Location: Pennine Yorkshire, England

Website: http//:www.jaceybedford.co.uk

Favorite novels: Bujold: Curse of Chalion. Pratchett: Night Watch. Williams: Snake Agent. Traviss: City of Pearl... amongst others, of course...

Favorite writers: Terry Pratchett; Lois McMaster Bujold; Karen Traviss; Tanya Huff; Diana Wynne Jones; Andre Norton; Monica Edwards; Phyllis Bentley; Wilbur Smith.

Favorite music: I absolutely cannot listen to anything while I'm writing. Besides, music deserves to be listened to with a clear head. I love John Tams, Tanglefoot, The Outside Track...

Non-noveling interests: Folk music; cinema; community work (with local festival and village hall). Past interests and expertise include horse riding.

Joined: October 13, 2007

This Year: Official Participant

NaNoWriMo History:
'07

NaNoWriMo posts: 26

NaNoWriMo buddies: 13

 

Brief Author Bio:

F & SF. Half a dozen published short stories in (mostly) anthologies. Five finished novels, three doing the rounds of slushpiles, a few close calls, but none published yet.
http://www.jaceybedford.co.uk

Synopsis: Spider on the Web

Spider on the Web

Jarek Aleksy Faron is the disgraced bodyguard of the good King Amadei of Telanna who escapes from Biela Miasto with his life but not his honour after his master is assassinated leaving the country in the hands of the new King, Szymon Zamoy, and his powerful wizardly advisor, Zygmund Kazimir

Lind, a complex and dangerous young man with more hangups than the average washing line is the assassin who escapes the capital with the help of the enigmatic Trader Zoltan, brothel-keeper, entrepreneur and possibly a spy for the Royal House of Astratos.

Mirza, the witch of a travelling tribe of Rom, is tasked by the ghost of Amadei to keep Jarek on the right track because she can walk the spirit world and Jarek - in that respect - is a blockhead, but she gets drawn in deeper on her own account when she finds a frightening new aspect to her magic which Zygmund Kazimir wants to use.

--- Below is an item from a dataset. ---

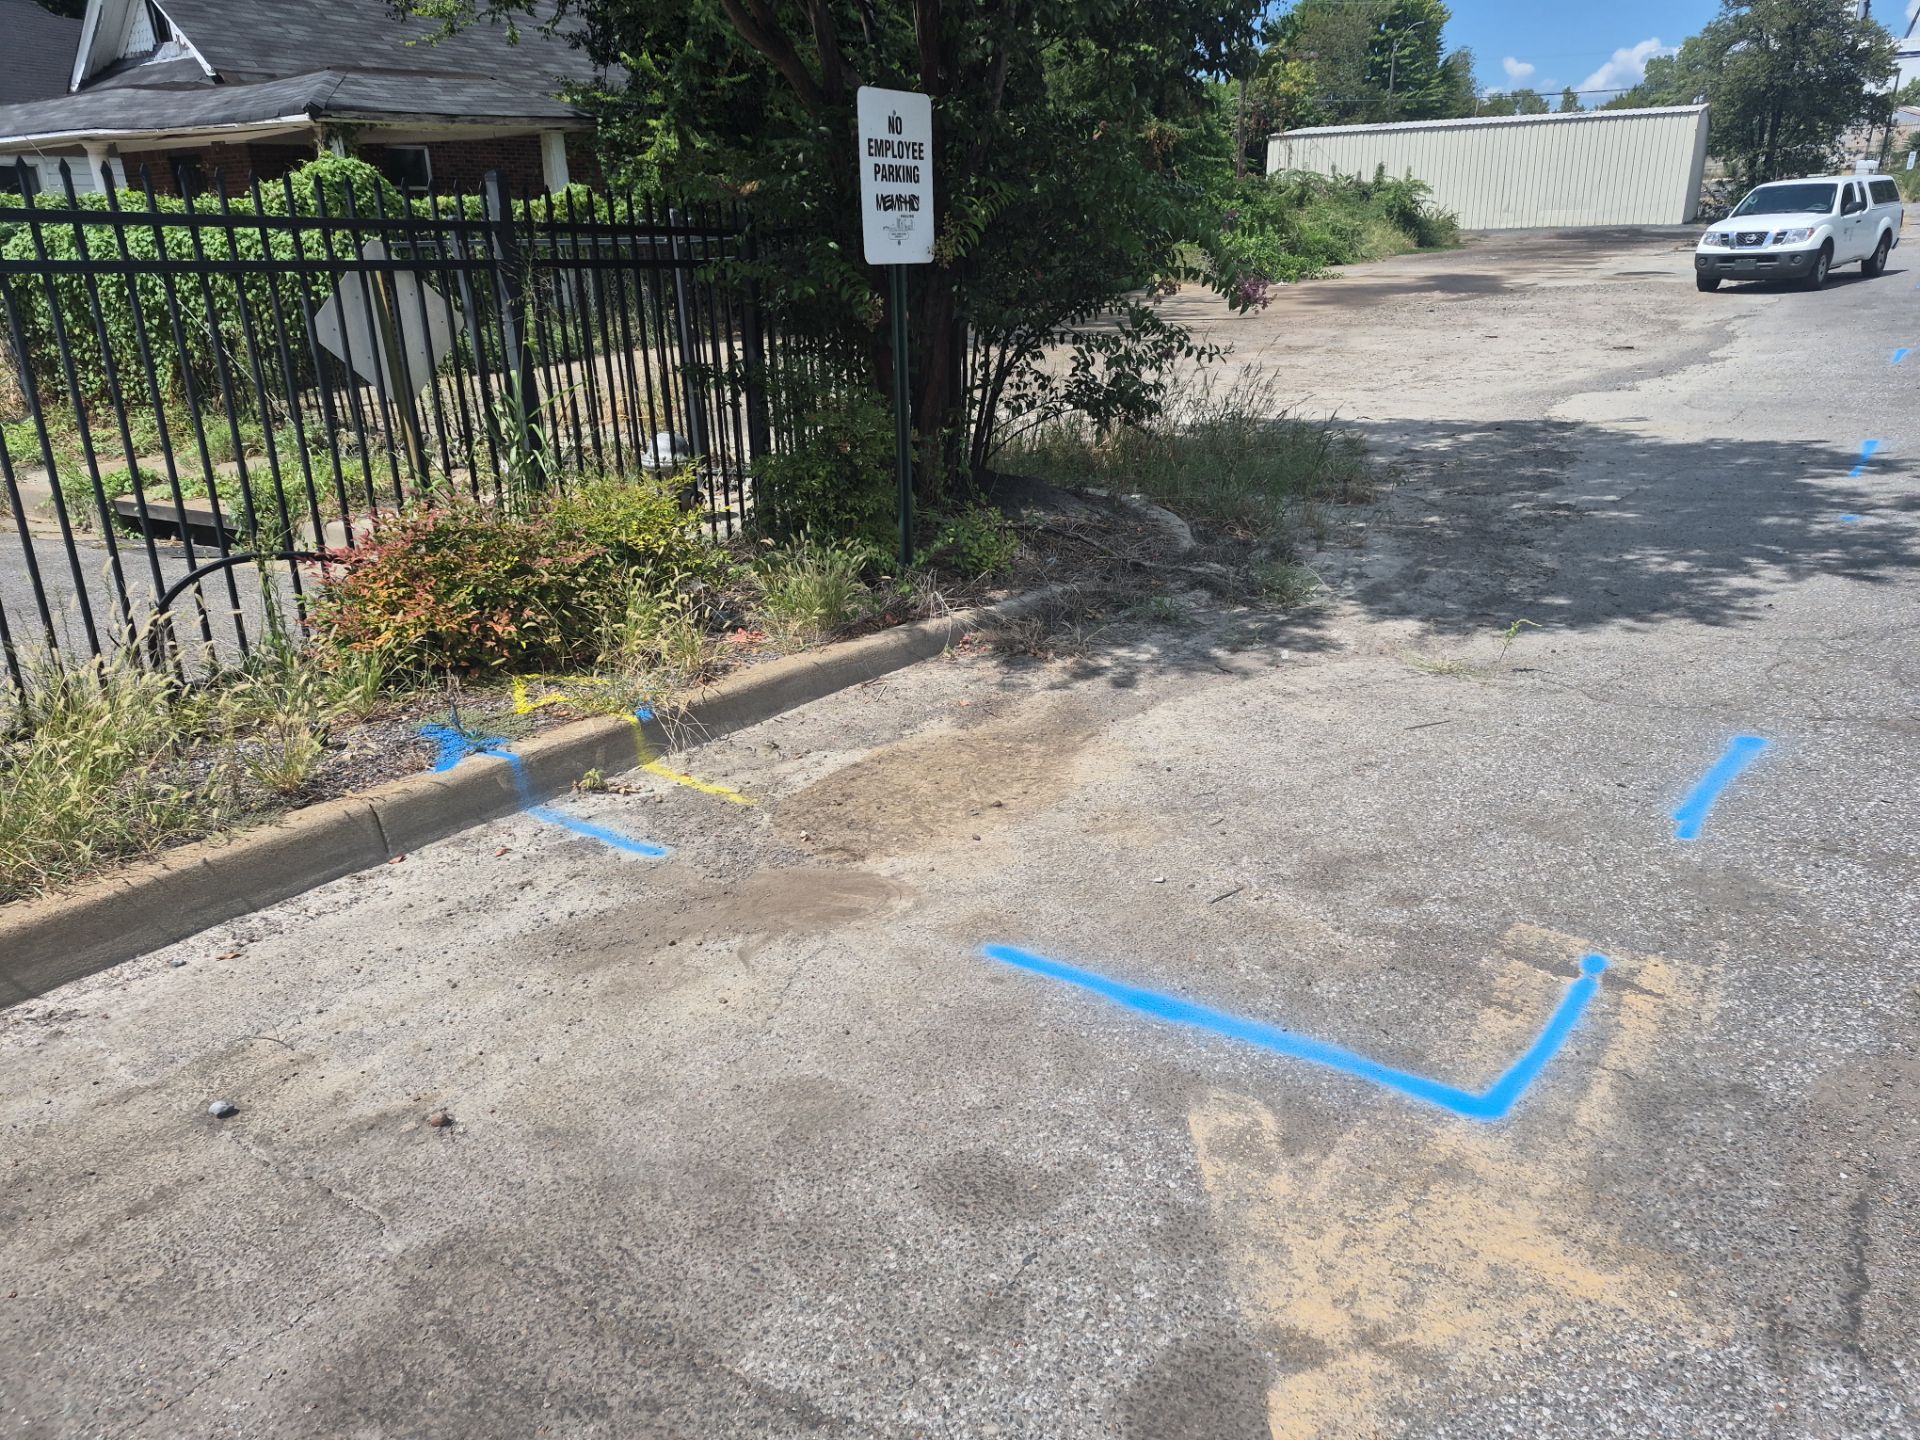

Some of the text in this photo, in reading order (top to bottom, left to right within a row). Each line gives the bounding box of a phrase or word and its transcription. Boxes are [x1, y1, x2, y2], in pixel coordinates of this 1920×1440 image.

[888, 116, 902, 135] NO
[867, 138, 924, 161] EMPLOYEE
[874, 163, 920, 184] PARKING

The paths of these individuals cross and doublecross as Jarek discovers a plot concerning Amadei's young widow, Katarzyna of Astratos, pregnant with the true heir and on the run, and also tries to foil an opportunistic invasion by the neigbouring country, Quendor, hampered by the fact that he's been saddled with one of Quendor's agents that he doesn't entirely want to get rid of because he thinks he might be falling in love with the one woman he can never have - the exotic but dangerous Dahnay

Jarek and Mirza don't entirely trust either Lind or Dahnay for very different reasons, but if they are to find Kat, they all have to work together. Sooner or later Jarek is bound to discover who killed his King and it's not going to be pretty when he does. he's also going to have tio decide what to do about Dahnay while Dahnay has to decide whether her alliegiance to Quendor is more important than to her new-found friends. Lind has to decide where his true allegiances lie and Mirza has to face her biggest fear.

In the end each character will get what they need from life, if not what they want.

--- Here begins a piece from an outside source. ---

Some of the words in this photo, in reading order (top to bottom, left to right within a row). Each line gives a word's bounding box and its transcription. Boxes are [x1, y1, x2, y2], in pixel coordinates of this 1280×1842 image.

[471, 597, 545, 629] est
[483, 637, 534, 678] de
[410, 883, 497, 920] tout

Excerpt: Spider on the Web

Spider on The Web
by Jacey Bedford

"It ends here!" The famous quote by Amadei Zamoy, first king of the Zamoy line as he stood over his dead father's body and pledged that neither the Ferenian Empire nor any other continental invaders would ever again cross Telanna's border uninvited is well known to very schoolboy in the civilised world. He was crowned in Tel City three days later and from that day forth the Renaissance which had its beginnings in Italy began to spread to the East. Some two hundred years later the third Amadei, son of King Priot II inherited a kingdom grown sleek from trade and comfortable from expertise in metalworking and bold advances in the sciences. But though two hundred years may change fortunes, attitudes change slowly and in many ways Telanna was still a country trying to stake its claim to being a modern power in a changing world." – From Janusz Dydynski's 'The Making of the Modern World, London, 1886.

Prologue

In the distance the bell of the cathedral church of St. John the Martyr began to toll early morning mass. As the last peal died away the muezzin began to call the adhan.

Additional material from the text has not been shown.